_Your objective_:
The records appear below. Copy each one exactly.
Material shown section start
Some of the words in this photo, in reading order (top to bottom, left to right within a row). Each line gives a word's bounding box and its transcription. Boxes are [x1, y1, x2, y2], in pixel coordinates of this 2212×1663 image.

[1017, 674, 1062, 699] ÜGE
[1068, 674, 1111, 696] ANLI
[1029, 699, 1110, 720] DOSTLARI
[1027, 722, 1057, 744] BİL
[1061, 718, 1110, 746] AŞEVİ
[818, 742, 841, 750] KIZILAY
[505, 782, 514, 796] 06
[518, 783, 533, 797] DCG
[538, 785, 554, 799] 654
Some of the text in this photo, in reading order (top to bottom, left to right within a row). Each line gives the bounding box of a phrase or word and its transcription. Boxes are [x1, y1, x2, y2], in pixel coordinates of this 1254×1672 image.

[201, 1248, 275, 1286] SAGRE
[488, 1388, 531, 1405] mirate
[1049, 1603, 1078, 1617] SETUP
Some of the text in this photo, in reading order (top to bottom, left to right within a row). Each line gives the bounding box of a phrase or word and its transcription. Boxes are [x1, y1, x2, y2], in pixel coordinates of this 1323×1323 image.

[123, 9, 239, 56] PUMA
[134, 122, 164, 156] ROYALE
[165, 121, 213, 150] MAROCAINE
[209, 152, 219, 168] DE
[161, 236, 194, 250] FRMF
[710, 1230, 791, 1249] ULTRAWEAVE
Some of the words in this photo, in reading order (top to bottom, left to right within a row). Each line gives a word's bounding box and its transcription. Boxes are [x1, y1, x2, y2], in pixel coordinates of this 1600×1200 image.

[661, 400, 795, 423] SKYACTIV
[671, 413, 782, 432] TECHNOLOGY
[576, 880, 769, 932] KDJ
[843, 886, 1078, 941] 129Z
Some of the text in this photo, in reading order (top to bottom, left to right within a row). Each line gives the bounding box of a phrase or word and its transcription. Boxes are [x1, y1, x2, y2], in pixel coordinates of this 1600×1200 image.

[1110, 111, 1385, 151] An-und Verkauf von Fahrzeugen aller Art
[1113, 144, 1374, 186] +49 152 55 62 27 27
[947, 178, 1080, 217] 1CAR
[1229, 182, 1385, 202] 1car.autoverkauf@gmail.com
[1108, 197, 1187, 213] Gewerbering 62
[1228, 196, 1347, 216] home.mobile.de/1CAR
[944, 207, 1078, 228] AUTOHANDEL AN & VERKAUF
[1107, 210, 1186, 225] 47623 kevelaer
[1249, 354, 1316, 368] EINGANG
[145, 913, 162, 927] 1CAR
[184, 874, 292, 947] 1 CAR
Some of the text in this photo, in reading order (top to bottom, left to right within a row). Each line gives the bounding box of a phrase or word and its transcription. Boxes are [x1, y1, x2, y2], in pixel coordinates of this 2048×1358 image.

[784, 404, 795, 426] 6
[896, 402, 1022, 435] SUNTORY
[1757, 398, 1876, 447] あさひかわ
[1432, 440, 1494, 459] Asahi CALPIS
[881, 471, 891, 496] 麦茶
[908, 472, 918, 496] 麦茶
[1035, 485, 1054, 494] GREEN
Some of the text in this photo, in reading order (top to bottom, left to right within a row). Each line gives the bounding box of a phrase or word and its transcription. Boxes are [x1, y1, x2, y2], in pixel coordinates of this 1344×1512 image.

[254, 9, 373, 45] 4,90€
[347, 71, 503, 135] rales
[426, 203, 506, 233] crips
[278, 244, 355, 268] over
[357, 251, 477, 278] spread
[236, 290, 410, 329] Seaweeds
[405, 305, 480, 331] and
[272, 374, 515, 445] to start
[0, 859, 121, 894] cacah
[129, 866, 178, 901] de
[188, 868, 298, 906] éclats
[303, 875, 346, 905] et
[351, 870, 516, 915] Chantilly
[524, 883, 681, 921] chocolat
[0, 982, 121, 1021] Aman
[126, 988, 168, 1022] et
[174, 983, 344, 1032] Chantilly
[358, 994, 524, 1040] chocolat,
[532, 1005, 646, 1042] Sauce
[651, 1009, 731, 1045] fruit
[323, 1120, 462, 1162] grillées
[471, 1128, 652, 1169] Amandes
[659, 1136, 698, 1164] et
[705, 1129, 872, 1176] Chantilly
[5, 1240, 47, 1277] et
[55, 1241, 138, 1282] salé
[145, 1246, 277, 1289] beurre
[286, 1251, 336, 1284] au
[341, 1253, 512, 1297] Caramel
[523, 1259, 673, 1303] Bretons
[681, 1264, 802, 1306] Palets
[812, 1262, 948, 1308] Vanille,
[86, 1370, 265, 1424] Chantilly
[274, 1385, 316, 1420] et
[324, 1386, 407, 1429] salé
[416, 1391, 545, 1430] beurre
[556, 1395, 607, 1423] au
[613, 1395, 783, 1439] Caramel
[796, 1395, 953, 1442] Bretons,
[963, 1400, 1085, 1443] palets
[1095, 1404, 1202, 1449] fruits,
Material shown section end
_Completed task_:
Some of the words in this photo, in reading order (top to bottom, left to right within a row). Each line gives a word's bounding box and its transcription. Boxes are [x1, y1, x2, y2], in pixel coordinates of this 2212×1663 image.

[1017, 674, 1062, 699] ÜGE
[1068, 674, 1111, 696] ANLI
[1029, 699, 1110, 720] DOSTLARI
[1027, 722, 1057, 744] BİL
[1061, 718, 1110, 746] AŞEVİ
[818, 742, 841, 750] KIZILAY
[505, 782, 514, 796] 06
[518, 783, 533, 797] DCG
[538, 785, 554, 799] 654
Some of the text in this photo, in reading order (top to bottom, left to right within a row). Each line gives the bounding box of a phrase or word and its transcription. Boxes are [x1, y1, x2, y2], in pixel coordinates of this 1254×1672 image.

[201, 1248, 275, 1286] SAGRE
[488, 1388, 531, 1405] mirate
[1049, 1603, 1078, 1617] SETUP
Some of the text in this photo, in reading order (top to bottom, left to right within a row). Each line gives the bounding box of a phrase or word and its transcription. Boxes are [x1, y1, x2, y2], in pixel coordinates of this 1323×1323 image.

[123, 9, 239, 56] PUMA
[134, 122, 164, 156] ROYALE
[165, 121, 213, 150] MAROCAINE
[209, 152, 219, 168] DE
[161, 236, 194, 250] FRMF
[710, 1230, 791, 1249] ULTRAWEAVE
Some of the words in this photo, in reading order (top to bottom, left to right within a row). Each line gives a word's bounding box and its transcription. Boxes are [x1, y1, x2, y2], in pixel coordinates of this 1600×1200 image.

[661, 400, 795, 423] SKYACTIV
[671, 413, 782, 432] TECHNOLOGY
[576, 880, 769, 932] KDJ
[843, 886, 1078, 941] 129Z
Some of the text in this photo, in reading order (top to bottom, left to right within a row). Each line gives the bounding box of a phrase or word and its transcription. Boxes are [x1, y1, x2, y2], in pixel coordinates of this 1600×1200 image.

[1110, 111, 1385, 151] An-und Verkauf von Fahrzeugen aller Art
[1113, 144, 1374, 186] +49 152 55 62 27 27
[947, 178, 1080, 217] 1CAR
[1229, 182, 1385, 202] 1car.autoverkauf@gmail.com
[1108, 197, 1187, 213] Gewerbering 62
[1228, 196, 1347, 216] home.mobile.de/1CAR
[944, 207, 1078, 228] AUTOHANDEL AN & VERKAUF
[1107, 210, 1186, 225] 47623 kevelaer
[1249, 354, 1316, 368] EINGANG
[145, 913, 162, 927] 1CAR
[184, 874, 292, 947] 1 CAR
Some of the text in this photo, in reading order (top to bottom, left to right within a row). Each line gives the bounding box of a phrase or word and its transcription. Boxes are [x1, y1, x2, y2], in pixel coordinates of this 2048×1358 image.

[784, 404, 795, 426] 6
[896, 402, 1022, 435] SUNTORY
[1757, 398, 1876, 447] あさひかわ
[1432, 440, 1494, 459] Asahi CALPIS
[881, 471, 891, 496] 麦茶
[908, 472, 918, 496] 麦茶
[1035, 485, 1054, 494] GREEN
Some of the text in this photo, in reading order (top to bottom, left to right within a row). Each line gives the bounding box of a phrase or word and its transcription. Boxes are [x1, y1, x2, y2], in pixel coordinates of this 1344×1512 image.

[254, 9, 373, 45] 4,90€
[347, 71, 503, 135] rales
[426, 203, 506, 233] crips
[278, 244, 355, 268] over
[357, 251, 477, 278] spread
[236, 290, 410, 329] Seaweeds
[405, 305, 480, 331] and
[272, 374, 515, 445] to start
[0, 859, 121, 894] cacah
[129, 866, 178, 901] de
[188, 868, 298, 906] éclats
[303, 875, 346, 905] et
[351, 870, 516, 915] Chantilly
[524, 883, 681, 921] chocolat
[0, 982, 121, 1021] Aman
[126, 988, 168, 1022] et
[174, 983, 344, 1032] Chantilly
[358, 994, 524, 1040] chocolat,
[532, 1005, 646, 1042] Sauce
[651, 1009, 731, 1045] fruit
[323, 1120, 462, 1162] grillées
[471, 1128, 652, 1169] Amandes
[659, 1136, 698, 1164] et
[705, 1129, 872, 1176] Chantilly
[5, 1240, 47, 1277] et
[55, 1241, 138, 1282] salé
[145, 1246, 277, 1289] beurre
[286, 1251, 336, 1284] au
[341, 1253, 512, 1297] Caramel
[523, 1259, 673, 1303] Bretons
[681, 1264, 802, 1306] Palets
[812, 1262, 948, 1308] Vanille,
[86, 1370, 265, 1424] Chantilly
[274, 1385, 316, 1420] et
[324, 1386, 407, 1429] salé
[416, 1391, 545, 1430] beurre
[556, 1395, 607, 1423] au
[613, 1395, 783, 1439] Caramel
[796, 1395, 953, 1442] Bretons,
[963, 1400, 1085, 1443] palets
[1095, 1404, 1202, 1449] fruits,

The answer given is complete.